Work to be completed: Could you return the data below exactly as it appears?

Provided data:
--

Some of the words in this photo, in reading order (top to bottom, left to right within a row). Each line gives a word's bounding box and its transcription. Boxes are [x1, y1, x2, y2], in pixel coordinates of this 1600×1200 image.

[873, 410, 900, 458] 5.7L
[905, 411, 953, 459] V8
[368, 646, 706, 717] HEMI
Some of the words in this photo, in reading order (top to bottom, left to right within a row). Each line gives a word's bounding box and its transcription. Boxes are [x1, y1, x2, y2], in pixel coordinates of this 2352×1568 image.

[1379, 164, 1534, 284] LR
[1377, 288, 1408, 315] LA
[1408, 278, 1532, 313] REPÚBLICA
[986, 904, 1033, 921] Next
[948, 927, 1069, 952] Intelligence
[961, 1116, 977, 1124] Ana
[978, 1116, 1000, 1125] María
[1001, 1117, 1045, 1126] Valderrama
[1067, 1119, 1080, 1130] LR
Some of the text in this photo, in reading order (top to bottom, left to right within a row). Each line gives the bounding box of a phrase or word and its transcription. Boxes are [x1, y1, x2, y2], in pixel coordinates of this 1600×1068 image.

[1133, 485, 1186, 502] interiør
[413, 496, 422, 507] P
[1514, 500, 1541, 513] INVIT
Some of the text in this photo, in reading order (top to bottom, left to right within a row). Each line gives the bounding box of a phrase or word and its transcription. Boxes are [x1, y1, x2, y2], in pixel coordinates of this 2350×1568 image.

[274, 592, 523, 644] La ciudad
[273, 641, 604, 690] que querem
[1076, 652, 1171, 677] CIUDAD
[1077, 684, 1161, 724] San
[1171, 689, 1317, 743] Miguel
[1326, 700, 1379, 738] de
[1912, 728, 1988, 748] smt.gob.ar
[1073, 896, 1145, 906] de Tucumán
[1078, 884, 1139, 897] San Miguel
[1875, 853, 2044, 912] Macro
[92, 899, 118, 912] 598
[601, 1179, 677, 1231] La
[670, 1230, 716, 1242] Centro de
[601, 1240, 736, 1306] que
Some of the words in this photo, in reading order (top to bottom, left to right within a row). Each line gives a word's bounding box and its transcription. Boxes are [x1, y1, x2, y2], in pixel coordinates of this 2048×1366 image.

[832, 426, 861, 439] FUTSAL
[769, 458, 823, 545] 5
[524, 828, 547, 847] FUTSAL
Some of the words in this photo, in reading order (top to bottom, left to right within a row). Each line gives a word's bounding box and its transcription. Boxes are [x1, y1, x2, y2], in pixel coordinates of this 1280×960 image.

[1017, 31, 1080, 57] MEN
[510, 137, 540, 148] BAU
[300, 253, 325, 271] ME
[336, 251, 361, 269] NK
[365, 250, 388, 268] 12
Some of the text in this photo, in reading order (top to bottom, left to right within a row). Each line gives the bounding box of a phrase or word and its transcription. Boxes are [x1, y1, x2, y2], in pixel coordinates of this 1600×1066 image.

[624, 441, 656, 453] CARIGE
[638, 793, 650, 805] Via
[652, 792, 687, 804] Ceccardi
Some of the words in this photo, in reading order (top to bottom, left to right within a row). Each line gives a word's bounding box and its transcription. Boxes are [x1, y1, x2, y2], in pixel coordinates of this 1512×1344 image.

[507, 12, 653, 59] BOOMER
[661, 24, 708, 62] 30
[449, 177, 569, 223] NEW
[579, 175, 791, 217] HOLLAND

--

Task response:
Some of the words in this photo, in reading order (top to bottom, left to right within a row). Each line gives a word's bounding box and its transcription. Boxes are [x1, y1, x2, y2], in pixel coordinates of this 1600×1200 image.

[873, 410, 900, 458] 5.7L
[905, 411, 953, 459] V8
[368, 646, 706, 717] HEMI
Some of the words in this photo, in reading order (top to bottom, left to right within a row). Each line gives a word's bounding box and its transcription. Boxes are [x1, y1, x2, y2], in pixel coordinates of this 2352×1568 image.

[1379, 164, 1534, 284] LR
[1377, 288, 1408, 315] LA
[1408, 278, 1532, 313] REPÚBLICA
[986, 904, 1033, 921] Next
[948, 927, 1069, 952] Intelligence
[961, 1116, 977, 1124] Ana
[978, 1116, 1000, 1125] María
[1001, 1117, 1045, 1126] Valderrama
[1067, 1119, 1080, 1130] LR
Some of the text in this photo, in reading order (top to bottom, left to right within a row). Each line gives the bounding box of a phrase or word and its transcription. Boxes are [x1, y1, x2, y2], in pixel coordinates of this 1600×1068 image.

[1133, 485, 1186, 502] interiør
[413, 496, 422, 507] P
[1514, 500, 1541, 513] INVIT
Some of the text in this photo, in reading order (top to bottom, left to right within a row). Each line gives the bounding box of a phrase or word and its transcription. Boxes are [x1, y1, x2, y2], in pixel coordinates of this 2350×1568 image.

[274, 592, 523, 644] La ciudad
[273, 641, 604, 690] que querem
[1076, 652, 1171, 677] CIUDAD
[1077, 684, 1161, 724] San
[1171, 689, 1317, 743] Miguel
[1326, 700, 1379, 738] de
[1912, 728, 1988, 748] smt.gob.ar
[1073, 896, 1145, 906] de Tucumán
[1078, 884, 1139, 897] San Miguel
[1875, 853, 2044, 912] Macro
[92, 899, 118, 912] 598
[601, 1179, 677, 1231] La
[670, 1230, 716, 1242] Centro de
[601, 1240, 736, 1306] que
Some of the words in this photo, in reading order (top to bottom, left to right within a row). Each line gives a word's bounding box and its transcription. Boxes are [x1, y1, x2, y2], in pixel coordinates of this 2048×1366 image.

[832, 426, 861, 439] FUTSAL
[769, 458, 823, 545] 5
[524, 828, 547, 847] FUTSAL
Some of the words in this photo, in reading order (top to bottom, left to right within a row). Each line gives a word's bounding box and its transcription. Boxes are [x1, y1, x2, y2], in pixel coordinates of this 1280×960 image.

[1017, 31, 1080, 57] MEN
[510, 137, 540, 148] BAU
[300, 253, 325, 271] ME
[336, 251, 361, 269] NK
[365, 250, 388, 268] 12
Some of the text in this photo, in reading order (top to bottom, left to right within a row). Each line gives the bounding box of a phrase or word and its transcription. Boxes are [x1, y1, x2, y2], in pixel coordinates of this 1600×1066 image.

[624, 441, 656, 453] CARIGE
[638, 793, 650, 805] Via
[652, 792, 687, 804] Ceccardi
Some of the words in this photo, in reading order (top to bottom, left to right within a row). Each line gives a word's bounding box and its transcription. Boxes are [x1, y1, x2, y2], in pixel coordinates of this 1512×1344 image.

[507, 12, 653, 59] BOOMER
[661, 24, 708, 62] 30
[449, 177, 569, 223] NEW
[579, 175, 791, 217] HOLLAND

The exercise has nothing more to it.